Movilidad segura con participación ciudadana

La inauguración del proyecto Entornos Universitarios Seguros en la Universidad Tecnológica de Cancún es una muestra positiva de cómo la colaboración entre ciudadanía y gobierno puede transformar la ciudad. 

La obra, impulsada por el Presupuesto Participativo, responde directamente a las necesidades de estudiantes y vecinos del bulevar Luis Donaldo Colosio, con reductores de velocidad, banquetas nuevas, señalización, luminarias y pozos de absorción que mejoran la movilidad y previenen riesgos. 

La inversión del Fortamun se traduce en infraestructura útil y transparente, lo que fortalece la seguridad vial y la confianza en las instituciones. El mensaje es claro: cuando la voz de la comunidad se escucha y se convierte en acción, se construyen espacios más dignos y seguros. Ana Paty Peralta y Mara Lezama demuestran que la participación ciudadana es el motor de un Cancún más ordenado y humano. ¿Será?

Rumbo hacia la sustentabilidad global

El trabajo del Órgano de Gestión de Destino (OGD) en Cozumel marca un punto de inflexión positivo para la isla.

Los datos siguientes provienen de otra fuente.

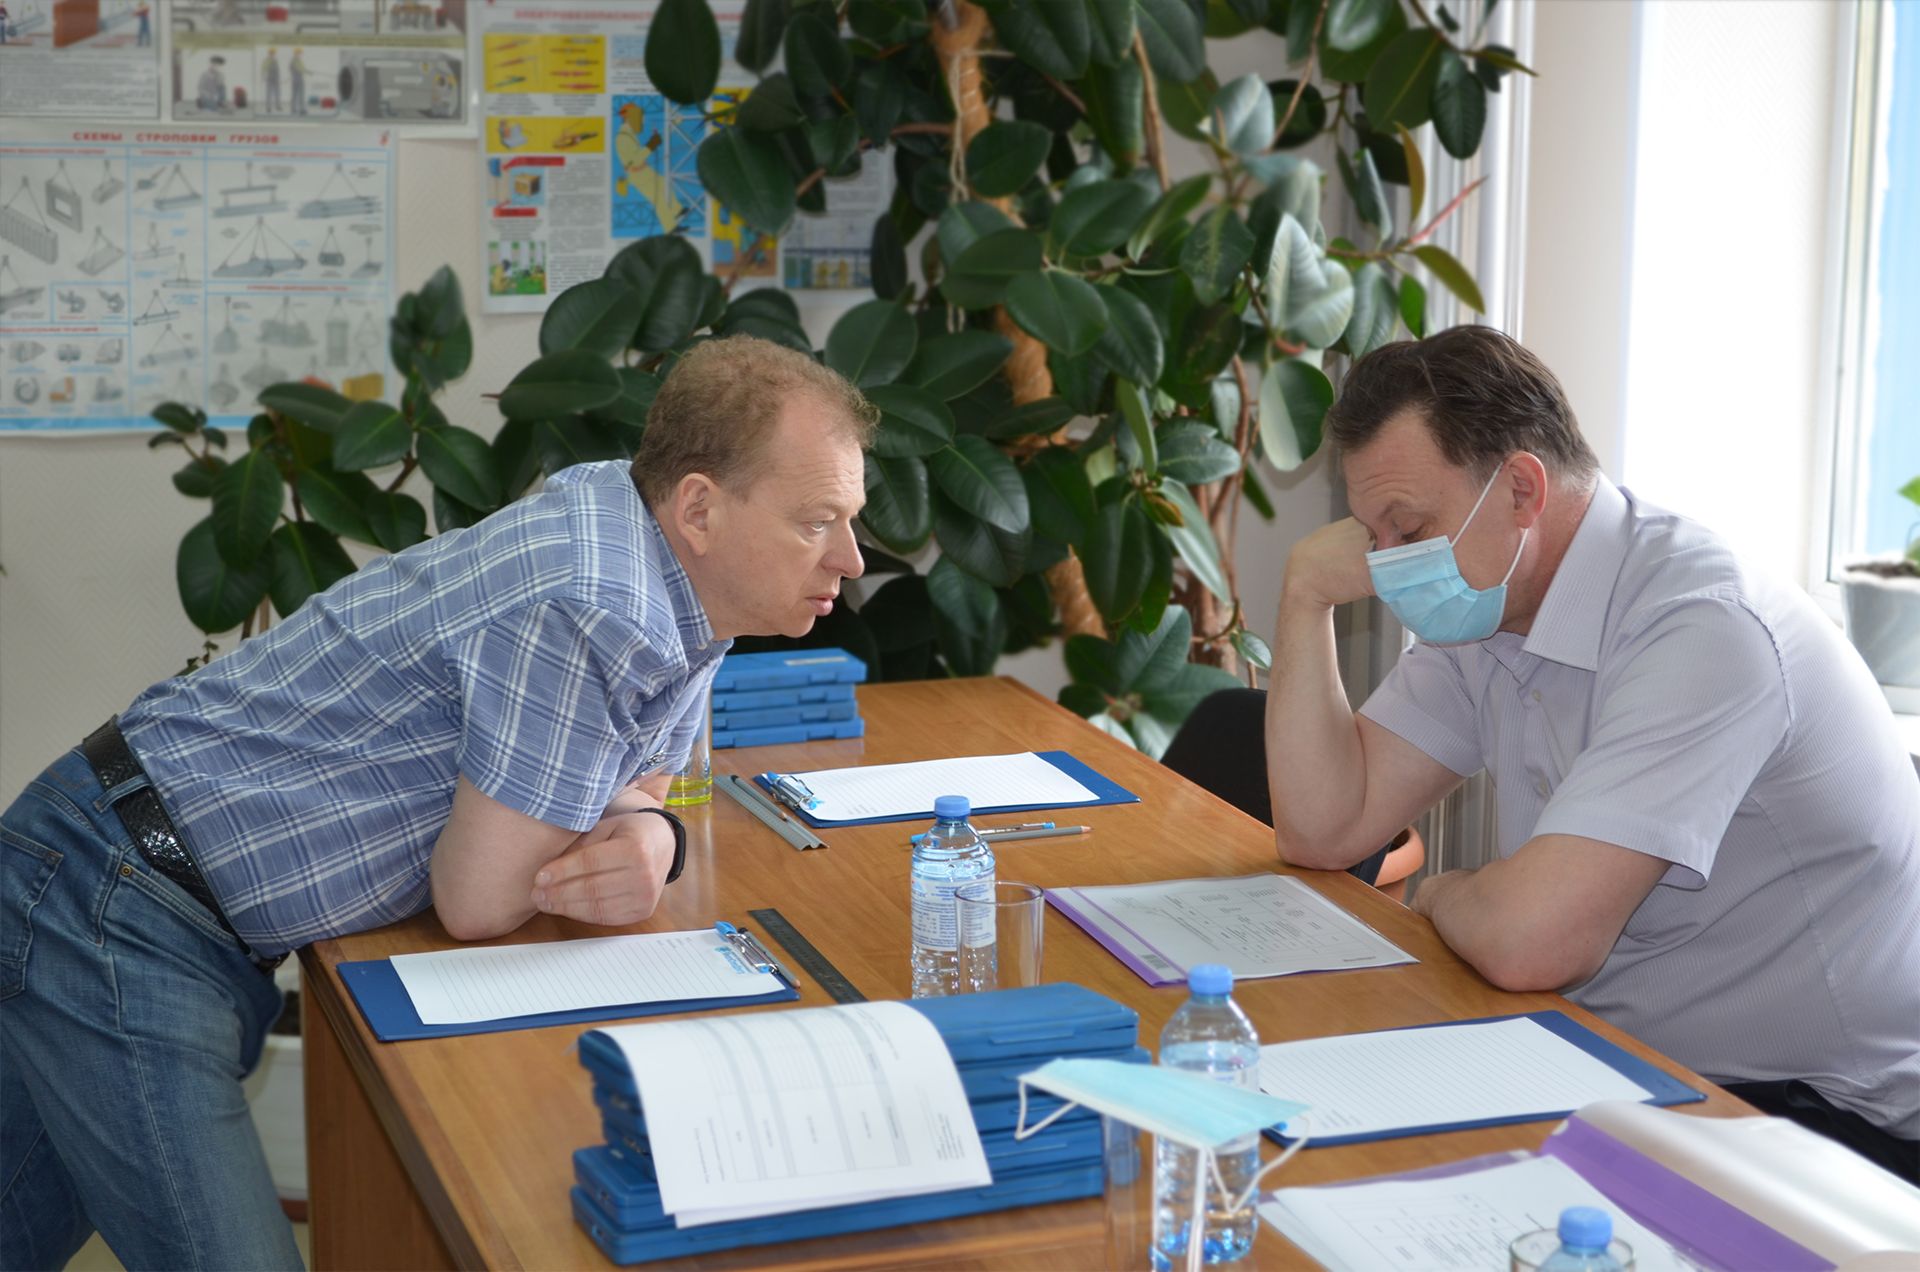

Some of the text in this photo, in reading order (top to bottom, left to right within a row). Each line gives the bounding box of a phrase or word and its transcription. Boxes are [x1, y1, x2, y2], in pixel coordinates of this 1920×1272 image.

[72, 131, 280, 144] СХЕМЫ СТРОПОВКИ ГРУЗОВ

La apuesta por un modelo que combine prosperidad económica, bienestar social y conservación ambiental refleja una visión integral que coloca a la comunidad y a la naturaleza en el centro. 

La inclusión de la Reserva de la Biosfera en la red mundial de la Unesco es un respaldo internacional que fortalece este camino. Lo valioso es la colaboración inédita entre gobierno, sector privado y sociedad civil, que permite diseñar estrategias de competitividad y resiliencia sin perder de vista la riqueza biocultural. 

Con arrecifes únicos y un patrimonio cultural invaluable, Cozumel tiene la oportunidad de convertirse en ejemplo mundial de turismo sustentable. El OGD demuestra que proteger la Madre Tierra y crecer económicamente no son objetivos opuestos, sino complementarios. ¿Será?

El sargazo, como oportunidad de innovación

La investigación del Centro de Investigación Científica de Yucatán (CICY) abre un camino positivo para transformar la problemática del sargazo en una oportunidad de desarrollo sostenible. El enfoque de la doctora Rosa María Leal Bautista, que integra ciencia, economía circular y saberes comunitarios, demuestra que el alga puede convertirse en materia prima para fortalecer la soberanía alimentaria y la agricultura local. 

La trazabilidad propuesta garantiza un manejo responsable, considerando su composición y posibles riesgos, pero también su potencial para generar valor. Lo más relevante es la visión participativa: productores, sociedad y ciencia trabajando juntos para convertir un desafío ambiental en motor de innovación y bienestar. 

Este modelo no solo busca mitigar impactos en las costas, sino también impulsar la economía rural, mostrando que México puede encontrar soluciones propias y sustentables desde la colaboración y el conocimiento. ¿Será?